## REQUIRED WORK
What follows is a set of records, each of which is to be written out exactly.

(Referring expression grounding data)
*-*-*
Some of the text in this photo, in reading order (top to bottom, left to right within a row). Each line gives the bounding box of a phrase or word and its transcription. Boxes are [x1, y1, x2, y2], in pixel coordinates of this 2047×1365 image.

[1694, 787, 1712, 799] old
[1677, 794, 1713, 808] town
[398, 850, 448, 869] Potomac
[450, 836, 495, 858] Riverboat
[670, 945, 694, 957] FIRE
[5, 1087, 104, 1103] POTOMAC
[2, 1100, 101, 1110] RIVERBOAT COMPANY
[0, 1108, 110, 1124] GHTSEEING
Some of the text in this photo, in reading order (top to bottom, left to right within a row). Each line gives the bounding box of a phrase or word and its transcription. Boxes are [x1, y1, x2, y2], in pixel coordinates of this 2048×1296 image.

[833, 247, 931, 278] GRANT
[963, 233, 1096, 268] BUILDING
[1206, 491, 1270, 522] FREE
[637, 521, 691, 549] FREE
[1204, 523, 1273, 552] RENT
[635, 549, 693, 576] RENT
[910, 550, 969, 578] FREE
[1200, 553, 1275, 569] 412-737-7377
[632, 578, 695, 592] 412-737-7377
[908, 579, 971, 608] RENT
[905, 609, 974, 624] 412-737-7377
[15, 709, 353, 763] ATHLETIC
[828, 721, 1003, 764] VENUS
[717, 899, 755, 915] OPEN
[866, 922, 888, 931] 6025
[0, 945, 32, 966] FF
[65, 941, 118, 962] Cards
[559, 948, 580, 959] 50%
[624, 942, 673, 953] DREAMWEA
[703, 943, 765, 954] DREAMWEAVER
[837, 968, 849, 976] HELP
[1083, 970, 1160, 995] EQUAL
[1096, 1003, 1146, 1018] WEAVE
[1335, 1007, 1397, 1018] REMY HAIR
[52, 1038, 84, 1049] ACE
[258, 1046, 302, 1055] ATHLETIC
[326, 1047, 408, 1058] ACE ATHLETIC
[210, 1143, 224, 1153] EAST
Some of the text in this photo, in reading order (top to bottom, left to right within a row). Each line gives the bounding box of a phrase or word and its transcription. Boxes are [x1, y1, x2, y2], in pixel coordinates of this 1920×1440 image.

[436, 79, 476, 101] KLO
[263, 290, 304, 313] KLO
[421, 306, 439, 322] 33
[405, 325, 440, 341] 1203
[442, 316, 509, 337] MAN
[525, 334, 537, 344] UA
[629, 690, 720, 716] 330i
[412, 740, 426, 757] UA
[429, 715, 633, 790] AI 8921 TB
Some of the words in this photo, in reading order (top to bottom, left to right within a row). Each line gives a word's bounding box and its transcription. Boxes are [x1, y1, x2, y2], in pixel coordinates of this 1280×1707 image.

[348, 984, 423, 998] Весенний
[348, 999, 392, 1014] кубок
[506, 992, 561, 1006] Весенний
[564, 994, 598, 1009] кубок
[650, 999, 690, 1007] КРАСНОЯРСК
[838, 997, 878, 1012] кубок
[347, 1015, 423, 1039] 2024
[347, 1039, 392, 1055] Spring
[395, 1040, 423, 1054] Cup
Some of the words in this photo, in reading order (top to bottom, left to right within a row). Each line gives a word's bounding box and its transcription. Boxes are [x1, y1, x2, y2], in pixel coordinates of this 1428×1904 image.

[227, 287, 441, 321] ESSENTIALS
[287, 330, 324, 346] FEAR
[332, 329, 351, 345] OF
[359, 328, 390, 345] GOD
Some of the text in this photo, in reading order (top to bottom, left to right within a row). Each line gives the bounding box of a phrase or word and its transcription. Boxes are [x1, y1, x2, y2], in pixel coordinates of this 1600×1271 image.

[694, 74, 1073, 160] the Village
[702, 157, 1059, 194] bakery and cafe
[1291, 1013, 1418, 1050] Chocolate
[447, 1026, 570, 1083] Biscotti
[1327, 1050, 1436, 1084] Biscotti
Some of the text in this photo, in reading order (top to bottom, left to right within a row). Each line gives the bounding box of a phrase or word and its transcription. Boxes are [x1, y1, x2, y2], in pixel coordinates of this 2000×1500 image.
*-*-*
## RESPONSE TO THIS TASK
Some of the text in this photo, in reading order (top to bottom, left to right within a row). Each line gives the bounding box of a phrase or word and its transcription. Boxes are [x1, y1, x2, y2], in pixel coordinates of this 2047×1365 image.

[1694, 787, 1712, 799] old
[1677, 794, 1713, 808] town
[398, 850, 448, 869] Potomac
[450, 836, 495, 858] Riverboat
[670, 945, 694, 957] FIRE
[5, 1087, 104, 1103] POTOMAC
[2, 1100, 101, 1110] RIVERBOAT COMPANY
[0, 1108, 110, 1124] GHTSEEING
Some of the text in this photo, in reading order (top to bottom, left to right within a row). Each line gives the bounding box of a phrase or word and its transcription. Boxes are [x1, y1, x2, y2], in pixel coordinates of this 2048×1296 image.

[833, 247, 931, 278] GRANT
[963, 233, 1096, 268] BUILDING
[1206, 491, 1270, 522] FREE
[637, 521, 691, 549] FREE
[1204, 523, 1273, 552] RENT
[635, 549, 693, 576] RENT
[910, 550, 969, 578] FREE
[1200, 553, 1275, 569] 412-737-7377
[632, 578, 695, 592] 412-737-7377
[908, 579, 971, 608] RENT
[905, 609, 974, 624] 412-737-7377
[15, 709, 353, 763] ATHLETIC
[828, 721, 1003, 764] VENUS
[717, 899, 755, 915] OPEN
[866, 922, 888, 931] 6025
[0, 945, 32, 966] FF
[65, 941, 118, 962] Cards
[559, 948, 580, 959] 50%
[624, 942, 673, 953] DREAMWEA
[703, 943, 765, 954] DREAMWEAVER
[837, 968, 849, 976] HELP
[1083, 970, 1160, 995] EQUAL
[1096, 1003, 1146, 1018] WEAVE
[1335, 1007, 1397, 1018] REMY HAIR
[52, 1038, 84, 1049] ACE
[258, 1046, 302, 1055] ATHLETIC
[326, 1047, 408, 1058] ACE ATHLETIC
[210, 1143, 224, 1153] EAST
Some of the text in this photo, in reading order (top to bottom, left to right within a row). Each line gives the bounding box of a phrase or word and its transcription. Boxes are [x1, y1, x2, y2], in pixel coordinates of this 1920×1440 image.

[436, 79, 476, 101] KLO
[263, 290, 304, 313] KLO
[421, 306, 439, 322] 33
[405, 325, 440, 341] 1203
[442, 316, 509, 337] MAN
[525, 334, 537, 344] UA
[629, 690, 720, 716] 330i
[412, 740, 426, 757] UA
[429, 715, 633, 790] AI 8921 TB
Some of the words in this photo, in reading order (top to bottom, left to right within a row). Each line gives a word's bounding box and its transcription. Boxes are [x1, y1, x2, y2], in pixel coordinates of this 1280×1707 image.

[348, 984, 423, 998] Весенний
[348, 999, 392, 1014] кубок
[506, 992, 561, 1006] Весенний
[564, 994, 598, 1009] кубок
[650, 999, 690, 1007] КРАСНОЯРСК
[838, 997, 878, 1012] кубок
[347, 1015, 423, 1039] 2024
[347, 1039, 392, 1055] Spring
[395, 1040, 423, 1054] Cup
Some of the words in this photo, in reading order (top to bottom, left to right within a row). Each line gives a word's bounding box and its transcription. Boxes are [x1, y1, x2, y2], in pixel coordinates of this 1428×1904 image.

[227, 287, 441, 321] ESSENTIALS
[287, 330, 324, 346] FEAR
[332, 329, 351, 345] OF
[359, 328, 390, 345] GOD
Some of the text in this photo, in reading order (top to bottom, left to right within a row). Each line gives the bounding box of a phrase or word and its transcription. Boxes are [x1, y1, x2, y2], in pixel coordinates of this 1600×1271 image.

[694, 74, 1073, 160] the Village
[702, 157, 1059, 194] bakery and cafe
[1291, 1013, 1418, 1050] Chocolate
[447, 1026, 570, 1083] Biscotti
[1327, 1050, 1436, 1084] Biscotti
Some of the text in this photo, in reading order (top to bottom, left to right within a row). Each line gives the bounding box of a phrase or word and its transcription. Boxes are [x1, y1, x2, y2], in pixel coordinates of this 2000×1500 image.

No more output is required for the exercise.